5 ways to make an active commute work for you

6 July 2015 by
First published: 6 July 2015

If you’re time-poor and struggling to fit in those training sessions, here are 5 ways to make an active commute work for you. Not only will cycling or running to work add more purpose to your exercise, you’ll also benefit from a kickstart to or wind-down from your day in the office.

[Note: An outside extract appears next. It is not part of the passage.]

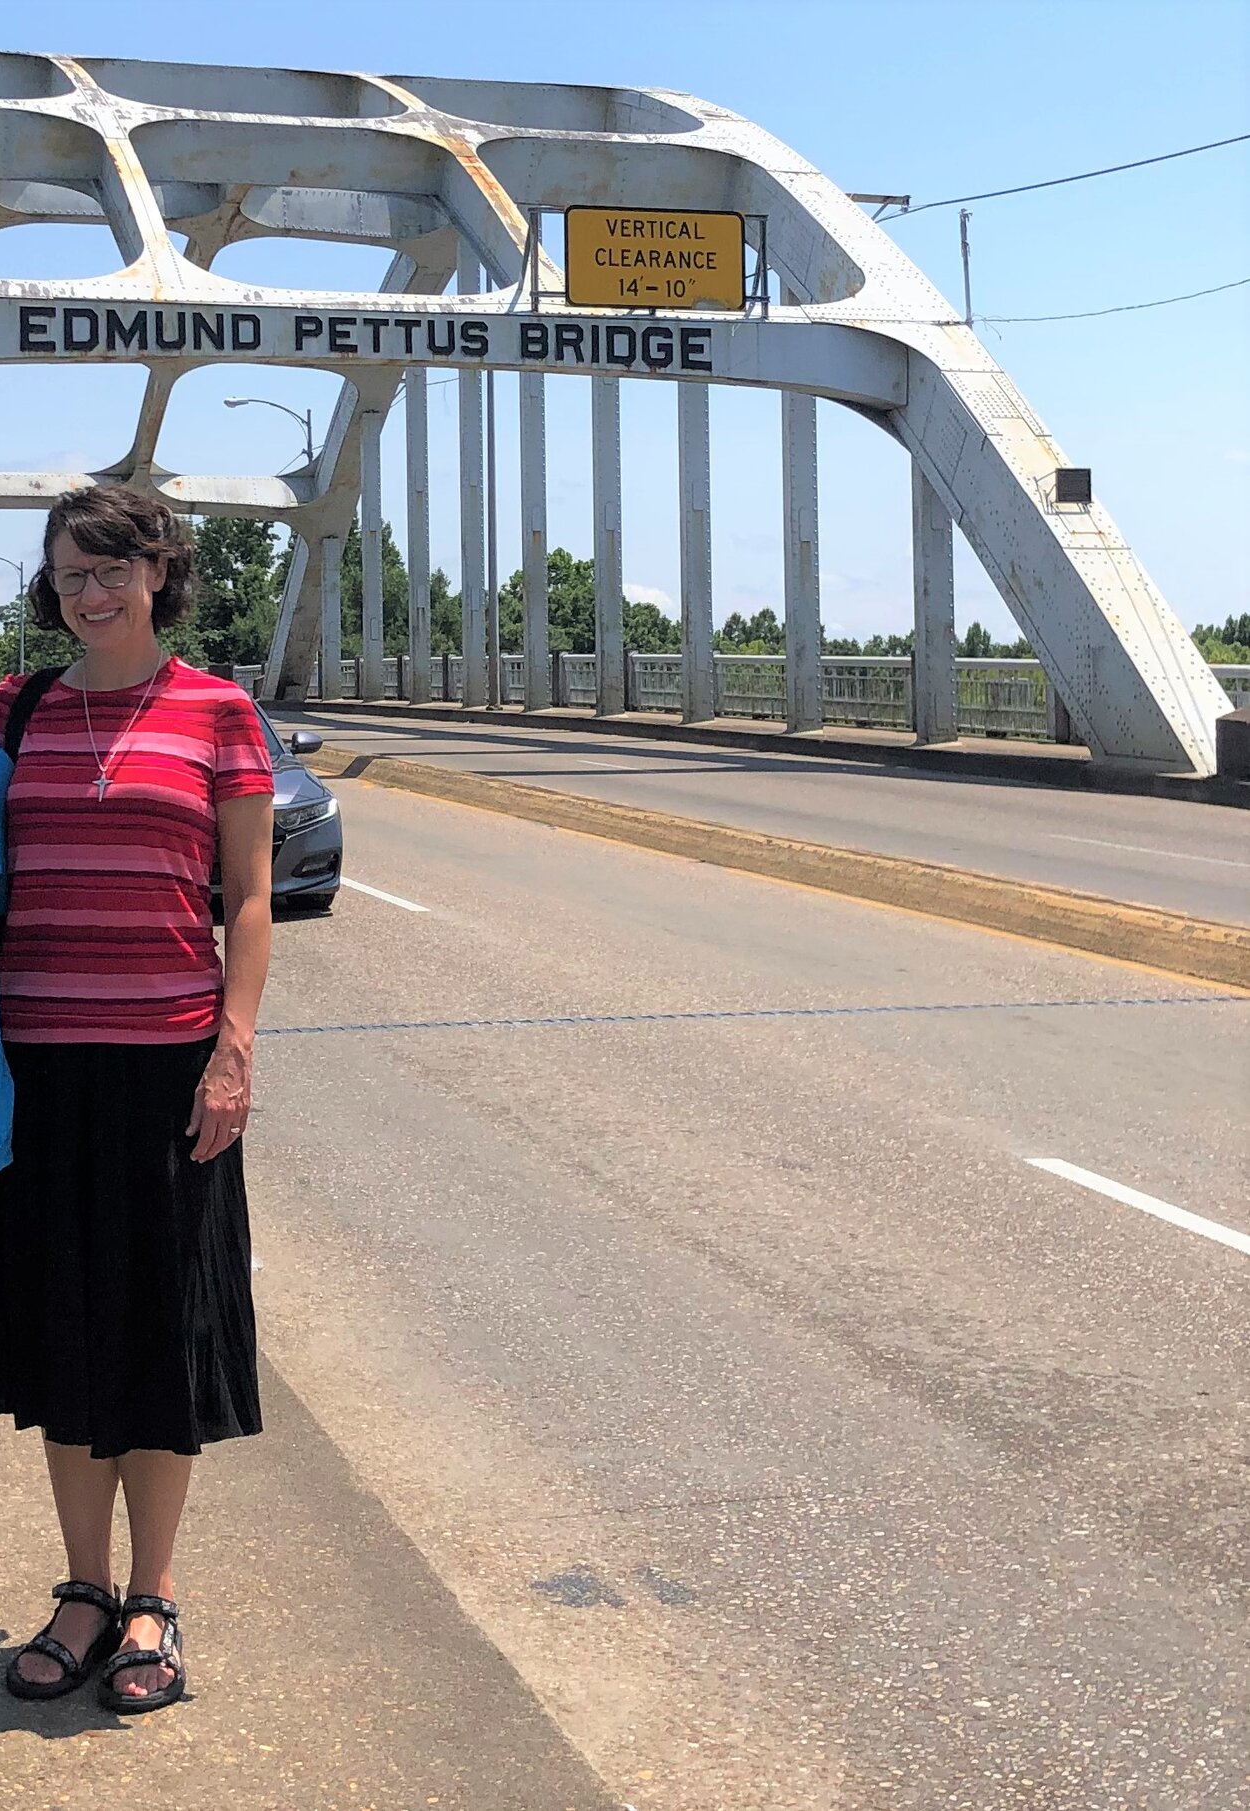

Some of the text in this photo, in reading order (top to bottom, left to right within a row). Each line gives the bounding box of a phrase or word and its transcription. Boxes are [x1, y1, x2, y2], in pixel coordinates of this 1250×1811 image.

[606, 218, 706, 240] VERTICAL
[595, 248, 718, 270] CLEARANCE
[19, 306, 712, 373] EDMUND PETTUS BRIDGE
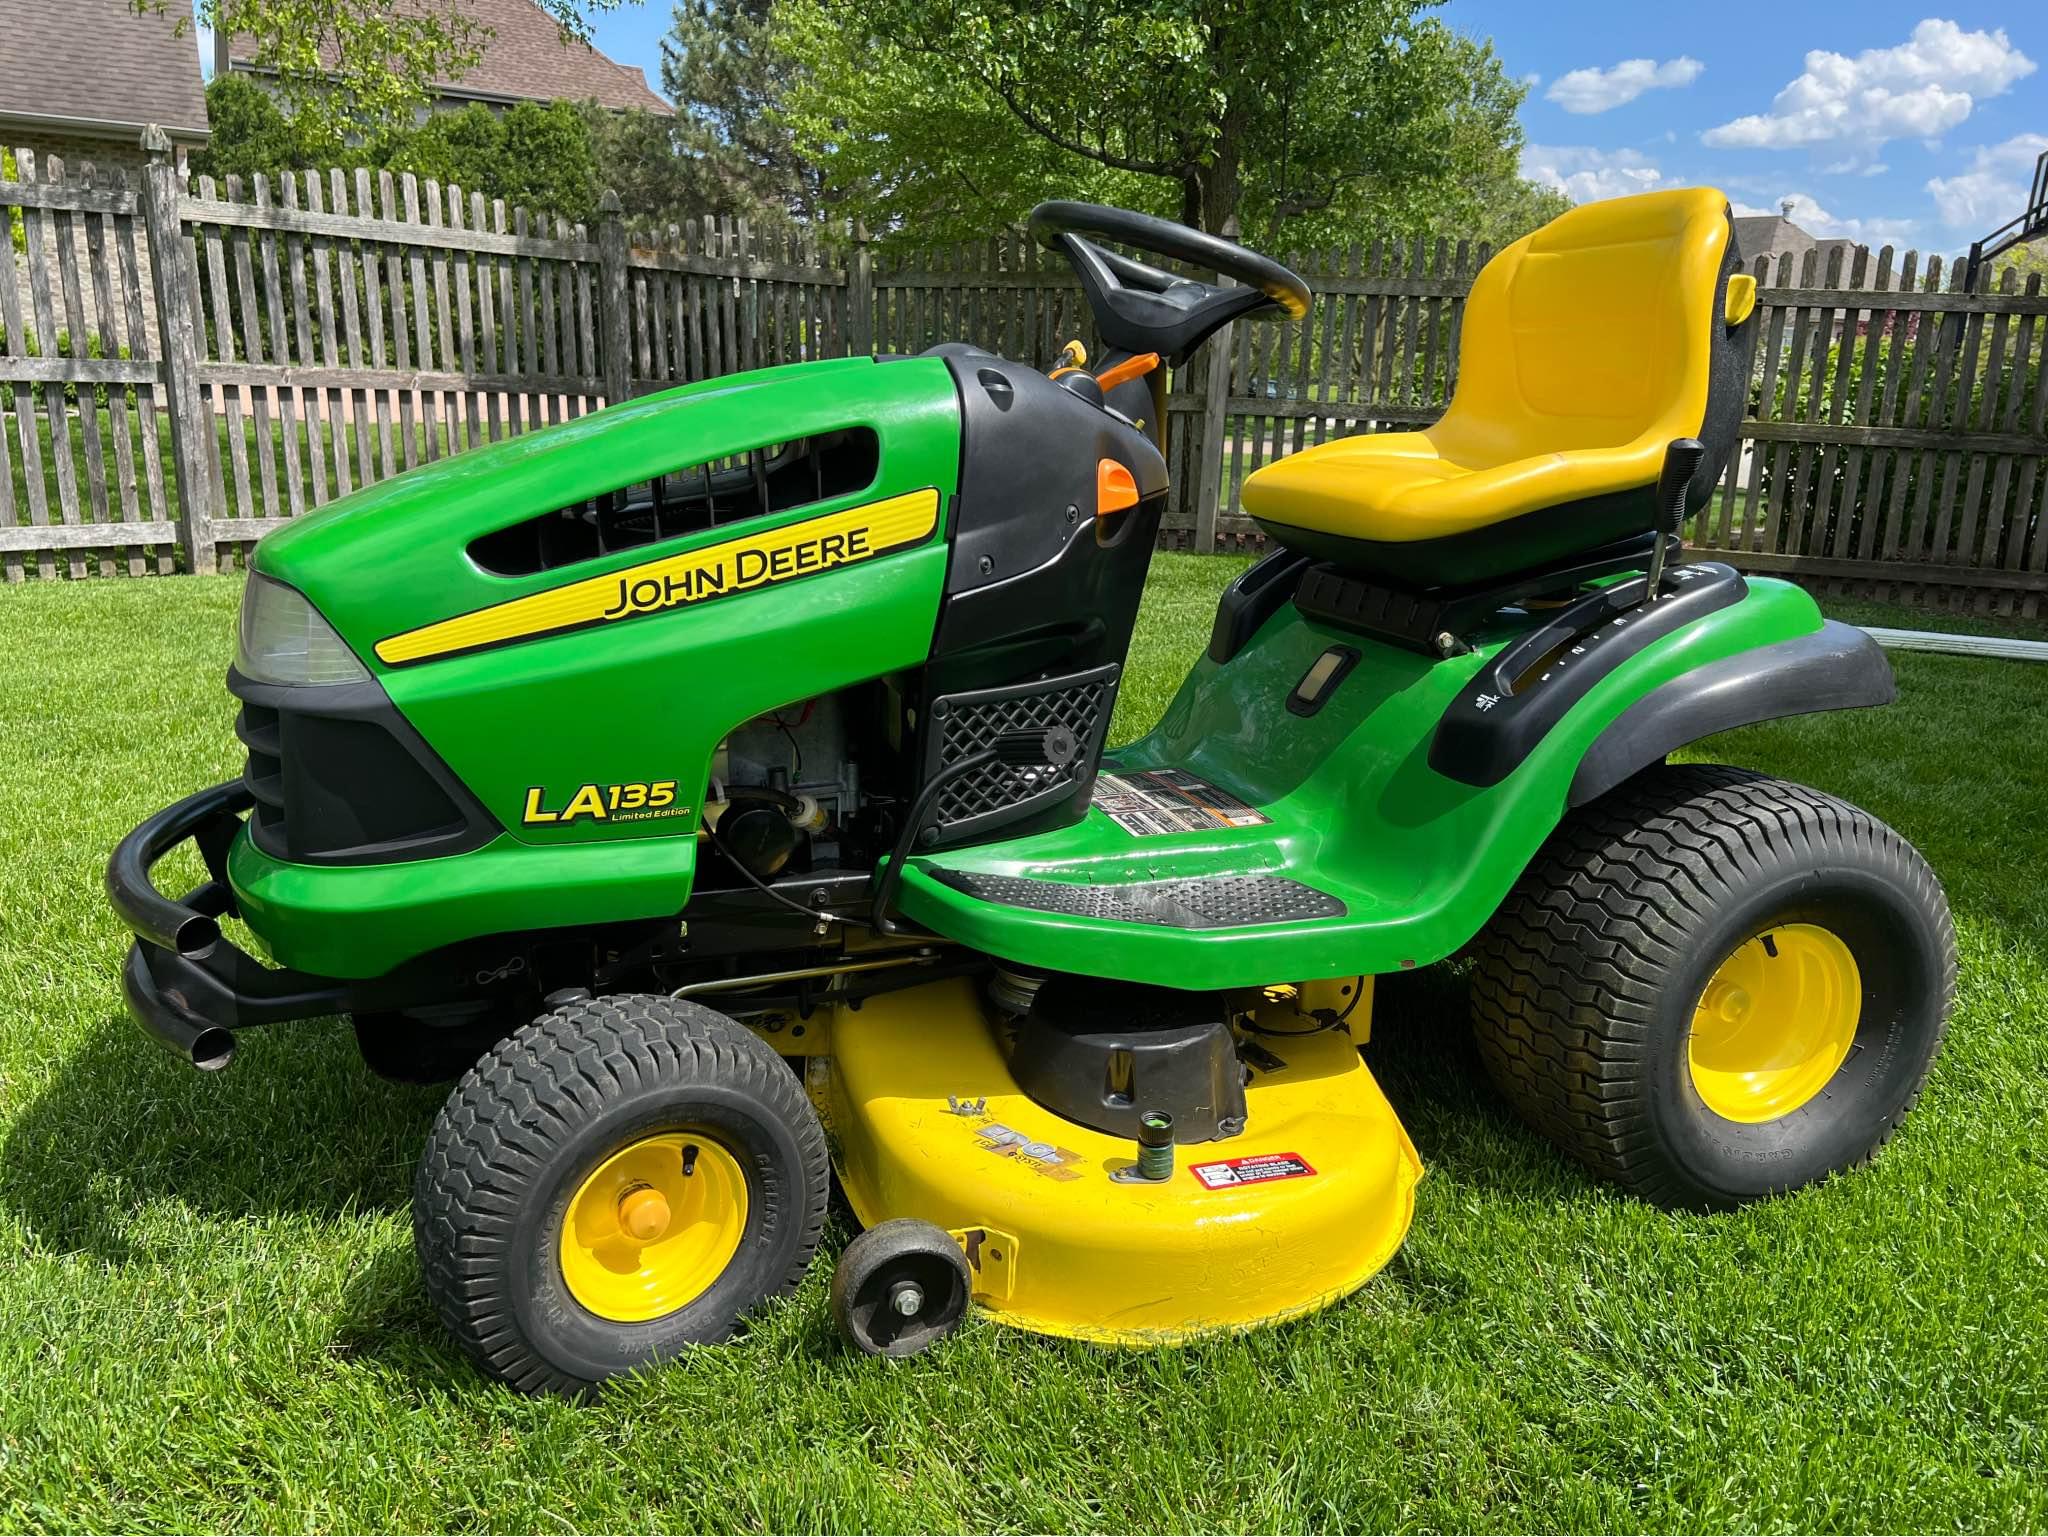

Not sure where or how to start? We’ve got the answers.

 

  1. Plan and rehearse your route

Take the stress out of your first active commute by planning and rehearsing your route beforehand. While this may take a little time, it’ll boost your confidence and also let you know just how long it will take you. No one enjoys cycling or running along a busy road so think about looking into alternative options. If you live near a park or canal, could you cycle or run through it and create a more picturesque route to work? Take advantage of the fact that you’re not a car or public transport and seek out the most picturesque route possible. It’ll be totally worth it.

 

  1. Organise your stuff the night before

The key to a successful active commute is to be organised. And the best way to ensure you sleep well and don’t have to feel rushed is to sort your bag the night before. But before you even begin to pack, check the weather forecast. This will help in determining whether you’ll need waterproofs or a spare change of clothes if it’s warm. Then all you have to do is get up and go. It’ll take the stress out of the limited time you have in the morning and ensure a more pleasurable commute.

 

  1. To shower or not to shower…

There’s no doubt about it, the active commute can certainly get your heart racing and your body sweating. This may mean you decide to shower at work rather than before you step out of your front door. Thankfully, many work places now have showers for those who prefer to prep themselves after the active commute. If not, then look into a basic gym membership nearby. It will rack up the costs of your active commute but does mean you won’t have to sit around feeling uncomfortable in post-workout sweat all day long.

 

  1. Choose the right baggage

It’s a given that when it comes to the active commute, practicalities are paramount. There’s no way you’ll be able to transport all the necessary kit in a Mulberry bag, no matter how hard you try. You can however find some pretty stylish active commuter baggage these days. If you’re going to cycle, consider adding a rack to the back of your bike so you can carry your daily stuff in saddlebags. This will help distribute the weight and prevent back ache from a rucksack.

For those runners out there, look for a rucksack that fits snuggly against your back (around 25L to 35L should be adequate) and has straps to attach around your chest and middle. Aim for no bounce by pulling the shoulder straps tight. Extra pockets around the waist are handy when you need quick access to essentials such as a work pass or house keys.

 

  1. Be one step ahead

Foolproof your active commute by having emergency kit to hand. Whether this means leaving a spare deodorant, underwear or set of waterproofs at work (if you can) or knowing where the nearest bike shop is in advance in case you have a puncture, by preparing yourself for scenarios that may crop up you’ll take the stress out of them if they do.